[Records excerpted from a collection]
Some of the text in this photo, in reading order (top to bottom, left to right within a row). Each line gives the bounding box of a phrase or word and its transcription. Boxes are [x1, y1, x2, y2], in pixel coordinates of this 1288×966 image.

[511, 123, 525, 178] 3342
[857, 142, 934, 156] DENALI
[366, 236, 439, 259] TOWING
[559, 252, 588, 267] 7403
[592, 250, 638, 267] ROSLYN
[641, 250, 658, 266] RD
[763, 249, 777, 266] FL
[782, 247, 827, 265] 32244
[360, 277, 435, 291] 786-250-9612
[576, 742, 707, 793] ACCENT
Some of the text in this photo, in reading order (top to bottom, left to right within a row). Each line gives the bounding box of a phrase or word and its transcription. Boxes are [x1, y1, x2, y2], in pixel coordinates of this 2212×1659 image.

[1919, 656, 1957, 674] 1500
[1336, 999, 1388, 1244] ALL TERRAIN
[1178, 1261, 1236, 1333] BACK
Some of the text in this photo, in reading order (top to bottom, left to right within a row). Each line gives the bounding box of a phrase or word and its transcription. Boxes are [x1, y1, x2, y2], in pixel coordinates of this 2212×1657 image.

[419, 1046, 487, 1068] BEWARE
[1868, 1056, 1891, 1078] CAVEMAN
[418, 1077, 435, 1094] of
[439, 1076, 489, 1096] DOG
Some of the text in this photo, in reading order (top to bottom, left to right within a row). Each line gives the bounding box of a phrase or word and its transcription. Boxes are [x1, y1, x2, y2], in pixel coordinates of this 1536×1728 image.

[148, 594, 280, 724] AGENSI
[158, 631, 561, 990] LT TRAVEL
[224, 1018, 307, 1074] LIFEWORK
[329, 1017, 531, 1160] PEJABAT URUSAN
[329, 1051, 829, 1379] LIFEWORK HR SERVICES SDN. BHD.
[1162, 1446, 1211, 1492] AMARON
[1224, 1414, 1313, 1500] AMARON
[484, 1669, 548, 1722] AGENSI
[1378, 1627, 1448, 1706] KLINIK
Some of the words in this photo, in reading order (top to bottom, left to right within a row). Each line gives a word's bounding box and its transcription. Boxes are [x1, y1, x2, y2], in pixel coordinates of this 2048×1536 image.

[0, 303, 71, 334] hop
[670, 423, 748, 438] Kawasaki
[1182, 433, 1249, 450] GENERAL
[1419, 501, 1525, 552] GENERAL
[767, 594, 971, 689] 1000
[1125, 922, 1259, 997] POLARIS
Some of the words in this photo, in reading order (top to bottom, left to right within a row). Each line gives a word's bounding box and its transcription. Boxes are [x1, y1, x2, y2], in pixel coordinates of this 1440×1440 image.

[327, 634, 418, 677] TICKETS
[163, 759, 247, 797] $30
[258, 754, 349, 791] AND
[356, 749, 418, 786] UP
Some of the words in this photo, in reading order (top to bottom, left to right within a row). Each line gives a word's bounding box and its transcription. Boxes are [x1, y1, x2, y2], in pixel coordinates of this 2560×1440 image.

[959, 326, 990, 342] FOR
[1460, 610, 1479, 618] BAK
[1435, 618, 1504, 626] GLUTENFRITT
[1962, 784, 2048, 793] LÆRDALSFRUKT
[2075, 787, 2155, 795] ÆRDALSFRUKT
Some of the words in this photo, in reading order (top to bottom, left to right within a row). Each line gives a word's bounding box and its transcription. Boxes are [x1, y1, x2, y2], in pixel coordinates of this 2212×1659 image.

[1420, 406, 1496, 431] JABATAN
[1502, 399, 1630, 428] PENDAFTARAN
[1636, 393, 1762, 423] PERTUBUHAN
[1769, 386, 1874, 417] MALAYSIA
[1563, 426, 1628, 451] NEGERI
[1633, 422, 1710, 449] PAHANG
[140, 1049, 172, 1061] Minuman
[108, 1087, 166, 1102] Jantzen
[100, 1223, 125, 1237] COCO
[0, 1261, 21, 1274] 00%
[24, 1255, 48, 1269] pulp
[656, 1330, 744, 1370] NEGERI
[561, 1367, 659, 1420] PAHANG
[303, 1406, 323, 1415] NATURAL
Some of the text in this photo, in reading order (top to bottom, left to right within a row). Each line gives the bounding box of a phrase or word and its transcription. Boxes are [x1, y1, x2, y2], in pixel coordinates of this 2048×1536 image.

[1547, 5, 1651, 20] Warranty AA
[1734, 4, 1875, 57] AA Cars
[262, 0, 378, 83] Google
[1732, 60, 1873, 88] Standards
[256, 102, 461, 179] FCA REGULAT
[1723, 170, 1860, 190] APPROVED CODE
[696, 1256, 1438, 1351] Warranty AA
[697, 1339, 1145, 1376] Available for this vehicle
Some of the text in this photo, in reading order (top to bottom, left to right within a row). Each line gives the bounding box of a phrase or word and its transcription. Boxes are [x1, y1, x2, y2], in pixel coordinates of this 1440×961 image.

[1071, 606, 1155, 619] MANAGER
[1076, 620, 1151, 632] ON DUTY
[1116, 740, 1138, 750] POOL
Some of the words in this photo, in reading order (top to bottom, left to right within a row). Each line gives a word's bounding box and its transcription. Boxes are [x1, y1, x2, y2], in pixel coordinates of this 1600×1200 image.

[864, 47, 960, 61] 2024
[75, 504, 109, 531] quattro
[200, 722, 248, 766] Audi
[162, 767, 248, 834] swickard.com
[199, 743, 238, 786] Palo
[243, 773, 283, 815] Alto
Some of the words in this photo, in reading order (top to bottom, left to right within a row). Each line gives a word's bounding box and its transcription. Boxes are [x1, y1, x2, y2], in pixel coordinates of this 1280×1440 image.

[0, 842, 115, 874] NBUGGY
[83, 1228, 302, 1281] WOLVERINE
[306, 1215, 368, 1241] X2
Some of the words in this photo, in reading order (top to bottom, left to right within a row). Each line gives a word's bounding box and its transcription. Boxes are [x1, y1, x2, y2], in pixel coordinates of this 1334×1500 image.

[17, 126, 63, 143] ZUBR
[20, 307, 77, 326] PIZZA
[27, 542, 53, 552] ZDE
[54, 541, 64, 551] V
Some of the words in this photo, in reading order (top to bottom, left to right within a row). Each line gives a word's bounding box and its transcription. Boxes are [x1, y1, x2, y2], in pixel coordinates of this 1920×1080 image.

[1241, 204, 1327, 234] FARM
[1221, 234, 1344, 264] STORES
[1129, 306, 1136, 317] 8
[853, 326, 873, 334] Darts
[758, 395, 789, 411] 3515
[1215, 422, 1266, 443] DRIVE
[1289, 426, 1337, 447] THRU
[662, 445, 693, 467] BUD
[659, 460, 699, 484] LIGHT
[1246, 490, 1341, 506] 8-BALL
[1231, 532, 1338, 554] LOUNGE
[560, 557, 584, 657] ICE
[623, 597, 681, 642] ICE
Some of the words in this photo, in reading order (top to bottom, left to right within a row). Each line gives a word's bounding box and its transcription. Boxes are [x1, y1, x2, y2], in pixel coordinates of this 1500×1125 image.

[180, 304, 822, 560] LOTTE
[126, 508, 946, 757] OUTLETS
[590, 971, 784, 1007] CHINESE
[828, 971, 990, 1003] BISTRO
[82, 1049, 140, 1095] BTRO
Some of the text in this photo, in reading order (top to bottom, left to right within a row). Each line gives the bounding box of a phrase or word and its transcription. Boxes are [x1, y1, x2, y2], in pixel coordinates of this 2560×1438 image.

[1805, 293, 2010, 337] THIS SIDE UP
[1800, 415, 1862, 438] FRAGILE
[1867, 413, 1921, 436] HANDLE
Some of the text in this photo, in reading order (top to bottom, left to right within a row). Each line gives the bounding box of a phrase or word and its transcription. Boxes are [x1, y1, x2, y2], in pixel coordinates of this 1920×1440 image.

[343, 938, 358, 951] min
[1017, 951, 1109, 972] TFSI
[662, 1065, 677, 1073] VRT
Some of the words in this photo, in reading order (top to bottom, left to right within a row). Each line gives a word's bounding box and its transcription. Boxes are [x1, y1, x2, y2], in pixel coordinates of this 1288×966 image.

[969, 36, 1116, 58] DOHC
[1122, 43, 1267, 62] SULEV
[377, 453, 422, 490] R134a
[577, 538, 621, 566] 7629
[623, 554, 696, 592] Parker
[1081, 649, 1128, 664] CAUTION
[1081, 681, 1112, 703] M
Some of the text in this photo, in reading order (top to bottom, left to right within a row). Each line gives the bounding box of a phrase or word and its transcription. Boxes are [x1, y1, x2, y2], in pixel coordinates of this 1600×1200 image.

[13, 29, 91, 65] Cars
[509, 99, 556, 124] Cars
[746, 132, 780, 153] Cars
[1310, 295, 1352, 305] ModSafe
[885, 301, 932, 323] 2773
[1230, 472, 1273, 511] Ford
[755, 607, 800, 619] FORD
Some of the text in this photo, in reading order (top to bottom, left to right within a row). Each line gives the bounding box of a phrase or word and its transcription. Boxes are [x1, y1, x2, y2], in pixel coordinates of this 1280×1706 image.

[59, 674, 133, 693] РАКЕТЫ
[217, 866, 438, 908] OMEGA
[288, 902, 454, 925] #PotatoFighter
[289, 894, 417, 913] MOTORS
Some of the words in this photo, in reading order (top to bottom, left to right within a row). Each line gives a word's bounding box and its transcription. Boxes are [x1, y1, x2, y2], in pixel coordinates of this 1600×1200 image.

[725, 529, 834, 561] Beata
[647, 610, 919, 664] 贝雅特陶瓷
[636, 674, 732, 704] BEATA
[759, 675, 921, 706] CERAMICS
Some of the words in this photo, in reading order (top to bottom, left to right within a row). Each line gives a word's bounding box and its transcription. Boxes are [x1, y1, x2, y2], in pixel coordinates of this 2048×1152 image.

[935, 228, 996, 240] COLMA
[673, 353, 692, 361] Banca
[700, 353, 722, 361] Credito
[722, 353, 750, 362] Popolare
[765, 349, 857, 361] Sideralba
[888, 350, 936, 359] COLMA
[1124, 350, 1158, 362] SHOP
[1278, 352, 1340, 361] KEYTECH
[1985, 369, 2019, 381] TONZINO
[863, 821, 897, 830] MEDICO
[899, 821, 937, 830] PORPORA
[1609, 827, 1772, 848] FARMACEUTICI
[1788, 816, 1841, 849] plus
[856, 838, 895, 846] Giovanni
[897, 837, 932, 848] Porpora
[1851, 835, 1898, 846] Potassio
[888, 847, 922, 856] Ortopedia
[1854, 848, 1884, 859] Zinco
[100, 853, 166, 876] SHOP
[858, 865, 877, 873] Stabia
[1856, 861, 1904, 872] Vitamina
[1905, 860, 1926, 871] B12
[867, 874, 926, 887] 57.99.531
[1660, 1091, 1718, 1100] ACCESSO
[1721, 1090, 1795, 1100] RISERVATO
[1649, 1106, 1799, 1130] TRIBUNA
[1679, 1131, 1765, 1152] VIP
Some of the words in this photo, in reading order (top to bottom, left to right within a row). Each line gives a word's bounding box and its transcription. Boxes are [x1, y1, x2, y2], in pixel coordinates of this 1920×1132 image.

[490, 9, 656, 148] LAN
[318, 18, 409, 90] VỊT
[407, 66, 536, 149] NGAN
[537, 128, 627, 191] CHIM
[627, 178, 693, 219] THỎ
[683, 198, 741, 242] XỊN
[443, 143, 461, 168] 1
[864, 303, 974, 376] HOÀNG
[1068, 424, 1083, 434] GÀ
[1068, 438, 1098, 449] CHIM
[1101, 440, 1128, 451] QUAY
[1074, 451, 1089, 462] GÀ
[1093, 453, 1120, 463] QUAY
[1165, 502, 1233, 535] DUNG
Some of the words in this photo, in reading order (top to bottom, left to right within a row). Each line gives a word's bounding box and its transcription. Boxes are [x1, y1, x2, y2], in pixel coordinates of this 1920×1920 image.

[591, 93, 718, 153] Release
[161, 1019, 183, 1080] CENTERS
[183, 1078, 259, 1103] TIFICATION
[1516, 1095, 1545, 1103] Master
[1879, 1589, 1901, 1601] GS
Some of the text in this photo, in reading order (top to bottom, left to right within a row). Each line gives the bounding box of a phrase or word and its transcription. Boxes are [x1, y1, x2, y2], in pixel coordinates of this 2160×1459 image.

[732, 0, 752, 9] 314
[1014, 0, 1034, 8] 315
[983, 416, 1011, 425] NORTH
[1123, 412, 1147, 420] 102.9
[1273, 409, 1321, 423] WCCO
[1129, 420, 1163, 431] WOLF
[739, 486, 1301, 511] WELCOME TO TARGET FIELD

Task item
Up to and including the last line of the records above, print exactly every line from the one that contains "this 2160×1459 image." onward.

Task output
Some of the text in this photo, in reading order (top to bottom, left to right within a row). Each line gives the bounding box of a phrase or word and its transcription. Boxes are [x1, y1, x2, y2], in pixel coordinates of this 2160×1459 image.

[732, 0, 752, 9] 314
[1014, 0, 1034, 8] 315
[983, 416, 1011, 425] NORTH
[1123, 412, 1147, 420] 102.9
[1273, 409, 1321, 423] WCCO
[1129, 420, 1163, 431] WOLF
[739, 486, 1301, 511] WELCOME TO TARGET FIELD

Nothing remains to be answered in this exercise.